**** Entries supplied

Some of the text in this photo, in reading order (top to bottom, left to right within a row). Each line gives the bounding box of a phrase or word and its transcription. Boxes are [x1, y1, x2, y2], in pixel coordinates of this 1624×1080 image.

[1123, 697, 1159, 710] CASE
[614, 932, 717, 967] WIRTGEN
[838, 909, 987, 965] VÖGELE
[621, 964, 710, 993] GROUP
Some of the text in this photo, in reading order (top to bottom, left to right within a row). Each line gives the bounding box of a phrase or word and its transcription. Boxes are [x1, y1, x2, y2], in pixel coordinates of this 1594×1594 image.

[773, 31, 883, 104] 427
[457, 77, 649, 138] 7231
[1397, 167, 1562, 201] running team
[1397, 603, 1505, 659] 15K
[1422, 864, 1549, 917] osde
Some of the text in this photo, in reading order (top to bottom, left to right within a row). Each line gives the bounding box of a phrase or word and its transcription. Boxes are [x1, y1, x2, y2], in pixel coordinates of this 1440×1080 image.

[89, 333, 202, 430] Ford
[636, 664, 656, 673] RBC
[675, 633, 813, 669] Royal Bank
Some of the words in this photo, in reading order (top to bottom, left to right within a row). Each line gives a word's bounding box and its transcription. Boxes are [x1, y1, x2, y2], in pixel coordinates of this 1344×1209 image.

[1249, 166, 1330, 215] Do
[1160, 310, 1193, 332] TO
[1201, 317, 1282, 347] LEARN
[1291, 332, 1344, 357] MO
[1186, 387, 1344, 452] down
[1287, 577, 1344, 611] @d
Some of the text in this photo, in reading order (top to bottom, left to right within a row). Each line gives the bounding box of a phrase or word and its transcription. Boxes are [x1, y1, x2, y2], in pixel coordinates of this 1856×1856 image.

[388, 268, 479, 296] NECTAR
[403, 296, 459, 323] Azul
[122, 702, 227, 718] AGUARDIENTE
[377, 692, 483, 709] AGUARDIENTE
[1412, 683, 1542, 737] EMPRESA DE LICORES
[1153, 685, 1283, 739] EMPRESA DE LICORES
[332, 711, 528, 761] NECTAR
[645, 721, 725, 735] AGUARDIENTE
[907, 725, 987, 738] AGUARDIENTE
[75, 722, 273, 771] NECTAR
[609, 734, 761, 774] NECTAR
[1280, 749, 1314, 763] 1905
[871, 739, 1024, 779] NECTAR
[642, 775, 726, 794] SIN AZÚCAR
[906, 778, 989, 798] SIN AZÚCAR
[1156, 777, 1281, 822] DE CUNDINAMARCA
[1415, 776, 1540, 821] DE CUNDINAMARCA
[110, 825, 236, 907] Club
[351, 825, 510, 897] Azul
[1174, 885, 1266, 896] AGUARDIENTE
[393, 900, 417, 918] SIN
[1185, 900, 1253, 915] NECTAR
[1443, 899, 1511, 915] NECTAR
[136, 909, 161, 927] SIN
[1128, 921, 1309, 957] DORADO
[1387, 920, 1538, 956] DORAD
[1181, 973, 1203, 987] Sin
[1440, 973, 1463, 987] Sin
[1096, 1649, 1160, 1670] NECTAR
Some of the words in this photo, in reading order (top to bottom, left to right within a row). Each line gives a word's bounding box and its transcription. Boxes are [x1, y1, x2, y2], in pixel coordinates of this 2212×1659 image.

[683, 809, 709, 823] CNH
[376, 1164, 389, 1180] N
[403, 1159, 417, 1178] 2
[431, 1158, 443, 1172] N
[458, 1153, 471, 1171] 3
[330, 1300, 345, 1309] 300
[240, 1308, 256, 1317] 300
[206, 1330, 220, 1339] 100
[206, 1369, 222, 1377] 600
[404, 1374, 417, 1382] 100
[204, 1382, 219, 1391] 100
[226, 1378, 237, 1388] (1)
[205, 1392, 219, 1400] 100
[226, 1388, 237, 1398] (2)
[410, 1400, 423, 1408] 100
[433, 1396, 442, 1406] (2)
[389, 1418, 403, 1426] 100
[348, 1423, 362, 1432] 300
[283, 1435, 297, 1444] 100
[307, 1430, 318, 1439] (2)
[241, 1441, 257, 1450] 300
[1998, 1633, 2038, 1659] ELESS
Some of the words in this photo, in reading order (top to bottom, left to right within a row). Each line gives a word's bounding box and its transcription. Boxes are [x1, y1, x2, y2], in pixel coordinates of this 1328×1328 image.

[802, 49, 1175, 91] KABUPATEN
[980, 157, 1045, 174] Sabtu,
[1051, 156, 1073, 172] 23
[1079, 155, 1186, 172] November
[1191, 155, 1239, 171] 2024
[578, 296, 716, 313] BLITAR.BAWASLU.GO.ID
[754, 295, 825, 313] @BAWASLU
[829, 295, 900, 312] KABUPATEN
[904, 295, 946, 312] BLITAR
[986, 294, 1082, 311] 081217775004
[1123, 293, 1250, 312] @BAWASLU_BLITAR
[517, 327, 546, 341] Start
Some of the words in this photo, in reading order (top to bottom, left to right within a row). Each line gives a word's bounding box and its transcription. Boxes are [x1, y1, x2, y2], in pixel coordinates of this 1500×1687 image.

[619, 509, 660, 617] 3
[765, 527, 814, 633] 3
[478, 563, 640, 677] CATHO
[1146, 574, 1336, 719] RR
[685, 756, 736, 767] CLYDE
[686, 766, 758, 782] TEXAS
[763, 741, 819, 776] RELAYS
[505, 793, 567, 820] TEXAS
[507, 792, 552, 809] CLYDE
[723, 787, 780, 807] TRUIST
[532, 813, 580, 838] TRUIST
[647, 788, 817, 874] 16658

********

=== Task goal ===
Take the material above and reproduce it word for word.

=== Solution to the exercise ===
Some of the text in this photo, in reading order (top to bottom, left to right within a row). Each line gives the bounding box of a phrase or word and its transcription. Boxes are [x1, y1, x2, y2], in pixel coordinates of this 1624×1080 image.

[1123, 697, 1159, 710] CASE
[614, 932, 717, 967] WIRTGEN
[838, 909, 987, 965] VÖGELE
[621, 964, 710, 993] GROUP
Some of the text in this photo, in reading order (top to bottom, left to right within a row). Each line gives the bounding box of a phrase or word and its transcription. Boxes are [x1, y1, x2, y2], in pixel coordinates of this 1594×1594 image.

[773, 31, 883, 104] 427
[457, 77, 649, 138] 7231
[1397, 167, 1562, 201] running team
[1397, 603, 1505, 659] 15K
[1422, 864, 1549, 917] osde
Some of the text in this photo, in reading order (top to bottom, left to right within a row). Each line gives the bounding box of a phrase or word and its transcription. Boxes are [x1, y1, x2, y2], in pixel coordinates of this 1440×1080 image.

[89, 333, 202, 430] Ford
[636, 664, 656, 673] RBC
[675, 633, 813, 669] Royal Bank
Some of the words in this photo, in reading order (top to bottom, left to right within a row). Each line gives a word's bounding box and its transcription. Boxes are [x1, y1, x2, y2], in pixel coordinates of this 1344×1209 image.

[1249, 166, 1330, 215] Do
[1160, 310, 1193, 332] TO
[1201, 317, 1282, 347] LEARN
[1291, 332, 1344, 357] MO
[1186, 387, 1344, 452] down
[1287, 577, 1344, 611] @d
Some of the text in this photo, in reading order (top to bottom, left to right within a row). Each line gives the bounding box of a phrase or word and its transcription. Boxes are [x1, y1, x2, y2], in pixel coordinates of this 1856×1856 image.

[388, 268, 479, 296] NECTAR
[403, 296, 459, 323] Azul
[122, 702, 227, 718] AGUARDIENTE
[377, 692, 483, 709] AGUARDIENTE
[1412, 683, 1542, 737] EMPRESA DE LICORES
[1153, 685, 1283, 739] EMPRESA DE LICORES
[332, 711, 528, 761] NECTAR
[645, 721, 725, 735] AGUARDIENTE
[907, 725, 987, 738] AGUARDIENTE
[75, 722, 273, 771] NECTAR
[609, 734, 761, 774] NECTAR
[1280, 749, 1314, 763] 1905
[871, 739, 1024, 779] NECTAR
[642, 775, 726, 794] SIN AZÚCAR
[906, 778, 989, 798] SIN AZÚCAR
[1156, 777, 1281, 822] DE CUNDINAMARCA
[1415, 776, 1540, 821] DE CUNDINAMARCA
[110, 825, 236, 907] Club
[351, 825, 510, 897] Azul
[1174, 885, 1266, 896] AGUARDIENTE
[393, 900, 417, 918] SIN
[1185, 900, 1253, 915] NECTAR
[1443, 899, 1511, 915] NECTAR
[136, 909, 161, 927] SIN
[1128, 921, 1309, 957] DORADO
[1387, 920, 1538, 956] DORAD
[1181, 973, 1203, 987] Sin
[1440, 973, 1463, 987] Sin
[1096, 1649, 1160, 1670] NECTAR
Some of the words in this photo, in reading order (top to bottom, left to right within a row). Each line gives a word's bounding box and its transcription. Boxes are [x1, y1, x2, y2], in pixel coordinates of this 2212×1659 image.

[683, 809, 709, 823] CNH
[376, 1164, 389, 1180] N
[403, 1159, 417, 1178] 2
[431, 1158, 443, 1172] N
[458, 1153, 471, 1171] 3
[330, 1300, 345, 1309] 300
[240, 1308, 256, 1317] 300
[206, 1330, 220, 1339] 100
[206, 1369, 222, 1377] 600
[404, 1374, 417, 1382] 100
[204, 1382, 219, 1391] 100
[226, 1378, 237, 1388] (1)
[205, 1392, 219, 1400] 100
[226, 1388, 237, 1398] (2)
[410, 1400, 423, 1408] 100
[433, 1396, 442, 1406] (2)
[389, 1418, 403, 1426] 100
[348, 1423, 362, 1432] 300
[283, 1435, 297, 1444] 100
[307, 1430, 318, 1439] (2)
[241, 1441, 257, 1450] 300
[1998, 1633, 2038, 1659] ELESS
Some of the words in this photo, in reading order (top to bottom, left to right within a row). Each line gives a word's bounding box and its transcription. Boxes are [x1, y1, x2, y2], in pixel coordinates of this 1328×1328 image.

[802, 49, 1175, 91] KABUPATEN
[980, 157, 1045, 174] Sabtu,
[1051, 156, 1073, 172] 23
[1079, 155, 1186, 172] November
[1191, 155, 1239, 171] 2024
[578, 296, 716, 313] BLITAR.BAWASLU.GO.ID
[754, 295, 825, 313] @BAWASLU
[829, 295, 900, 312] KABUPATEN
[904, 295, 946, 312] BLITAR
[986, 294, 1082, 311] 081217775004
[1123, 293, 1250, 312] @BAWASLU_BLITAR
[517, 327, 546, 341] Start
Some of the words in this photo, in reading order (top to bottom, left to right within a row). Each line gives a word's bounding box and its transcription. Boxes are [x1, y1, x2, y2], in pixel coordinates of this 1500×1687 image.

[619, 509, 660, 617] 3
[765, 527, 814, 633] 3
[478, 563, 640, 677] CATHO
[1146, 574, 1336, 719] RR
[685, 756, 736, 767] CLYDE
[686, 766, 758, 782] TEXAS
[763, 741, 819, 776] RELAYS
[505, 793, 567, 820] TEXAS
[507, 792, 552, 809] CLYDE
[723, 787, 780, 807] TRUIST
[532, 813, 580, 838] TRUIST
[647, 788, 817, 874] 16658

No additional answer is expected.